Nestes, a procuradora acusa os instrutores dos Comandos, detidos na quinta-feira, de privarem os instruendos de beber água numa situação de calor extremo que sabiam ser "absolutamente desaconselhável, conforme resulta de todas as publicações científicas sobre ondas de calor". Com o Presidente da República a declarar que a investigação do MP "deve merecer escrupulosa colaboração, por parte das Forças Armadas" - pois "são a história, o prestígio como elemento estruturante da identidade nacional e o respeito como salvaguarda do Estado de direito democrático que o impõem" -, os sete militares detidos foram ouvidos ontem por um juiz de instrução.

Quanto ao mandado do MP, a que o DN teve acesso, ele parece indicar que a privação de água (ou beber apenas quantidades mínimas) durante horas, aparentemente sem ter em conta o nível de calor existente, seria uma prova a superar pelos instruendos - quando o seu racionamento "não está sequer previsto no guião da prova".

Esta privação de água e outros maus-tratos resultaram em ordens "contrárias aos deveres do militar e disciplina militar" por parte dos cinco instrutores detidos, que o fizeram na presença do médico - que chegou várias horas depois de iniciados os exercícios no Campo de Tiro de Alcochete - e do diretor do 127.º curso dos Comandos (ambos também detidos para interrogatório pela Polícia Judiciária Militar).

O MP indica expressamente que um dos sargentos instrutores "privou os instruendos (...) de beber água, apesar de saber que devia ser garantido alimentação e água, conforme consta do guião" da chamada Prova Zero e que é a primeira do curso de Comandos.
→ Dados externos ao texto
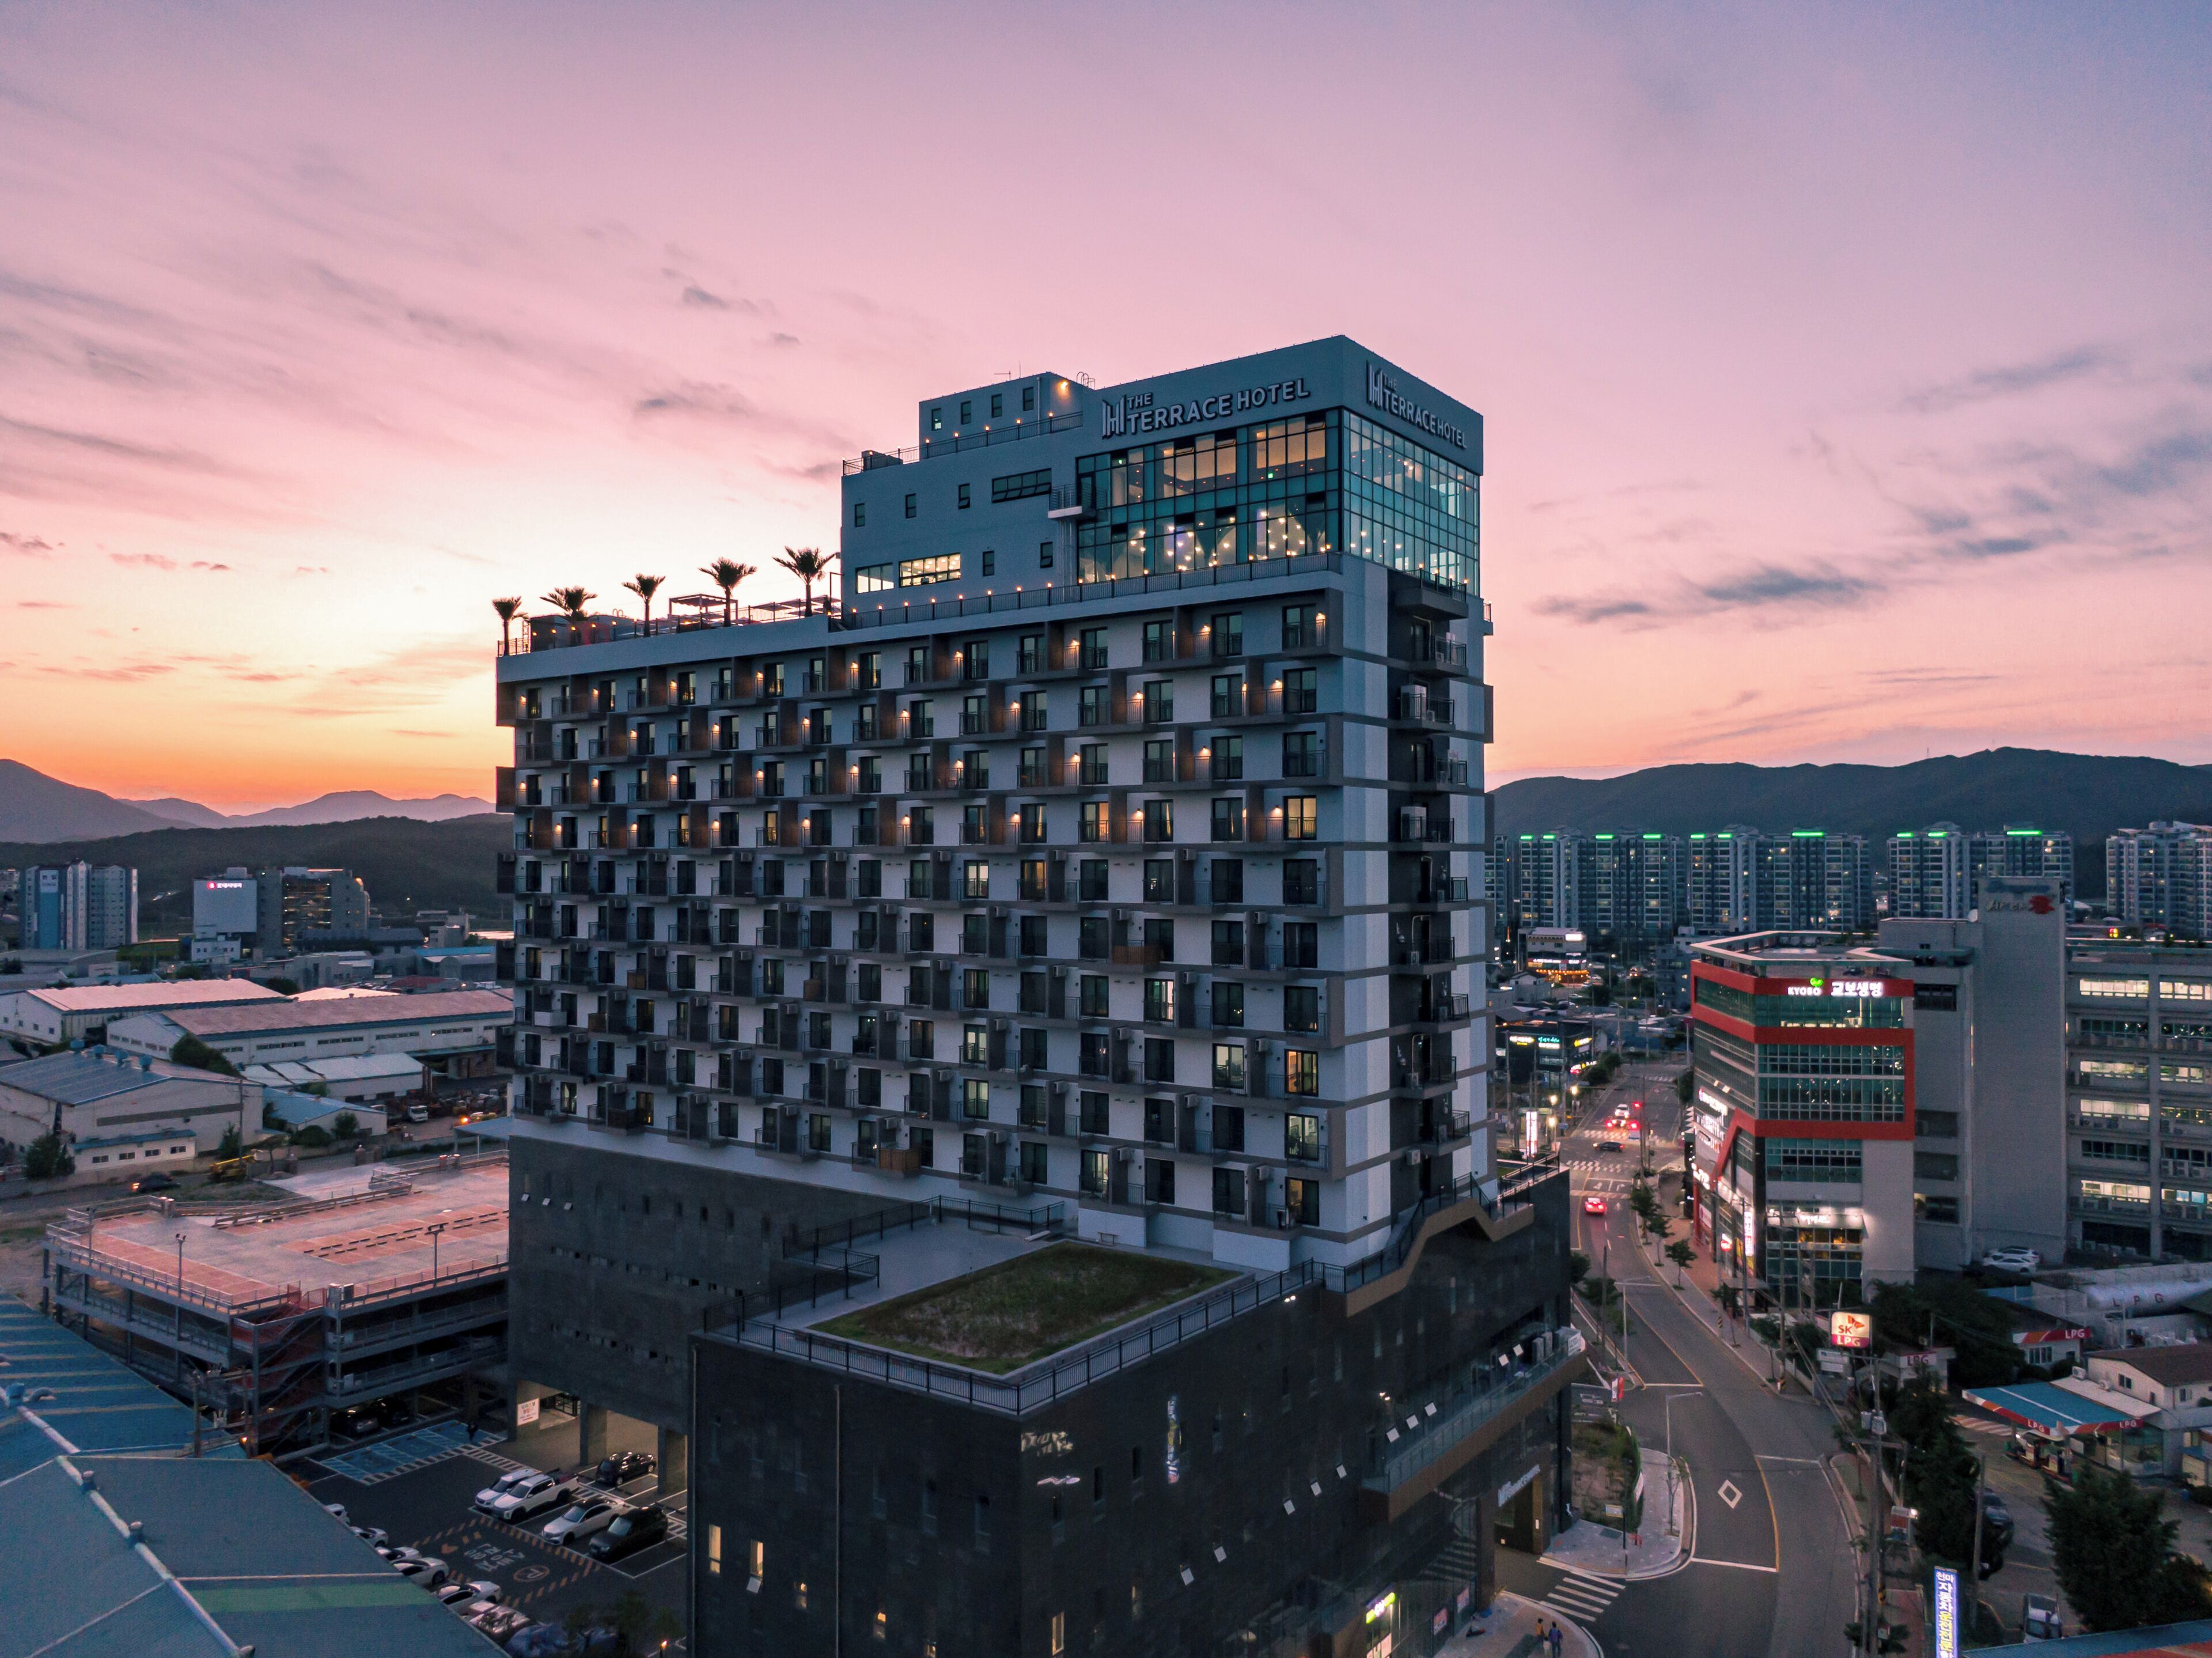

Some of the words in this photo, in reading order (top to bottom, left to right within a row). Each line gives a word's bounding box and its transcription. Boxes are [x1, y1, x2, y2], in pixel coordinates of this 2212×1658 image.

Segundo o documento, os instrutores "bem sabiam que a exposição ao sol a temperaturas tão elevadas e sem que os instruendos se encontrassem hidratados era absolutamente desaconselhável, conforme resulta de todas as publicações científicas sobre ondas de calor". Note-se que no primeiro dia de exercícios do curso, a 4 de setembro, as temperaturas variaram entre os 24 e os 32,4 graus centígrados logo entre as 08.30 e as 10.20 - superando mais tarde os 40º, sem que o curso fosse interrompido e quando, num caso de desmaio em que o médico ainda estava ausente, "a enfermeira nem sequer foi capaz de se aperceber do estado de desidratação em que se encontrava o soldado", indica o MP.

No caso do capitão médico (com o curso da especialidade de comando), chegou ao Campo de Tiro de Alcochete cerca das 11.00 quando o exercício se tinha iniciado por volta das duas da madrugada - assim "violando gravemente os seus deveres funcionais" como clínico.

"Desde as 21.30 do dia 3 de setembro de 2016 [início da Prova Zero, no quartel do Regimento de Comandos na Serra da Carregueira] até às 12.20 do dia 4 de setembro, o grupo de graduados [oficiais e sargentos] bebeu no máximo cerca de dez tampas de água (320 ml - o equivalente a uma garrafa de água de 33 cl), sem terem tido praticamente descanso", indica o MP.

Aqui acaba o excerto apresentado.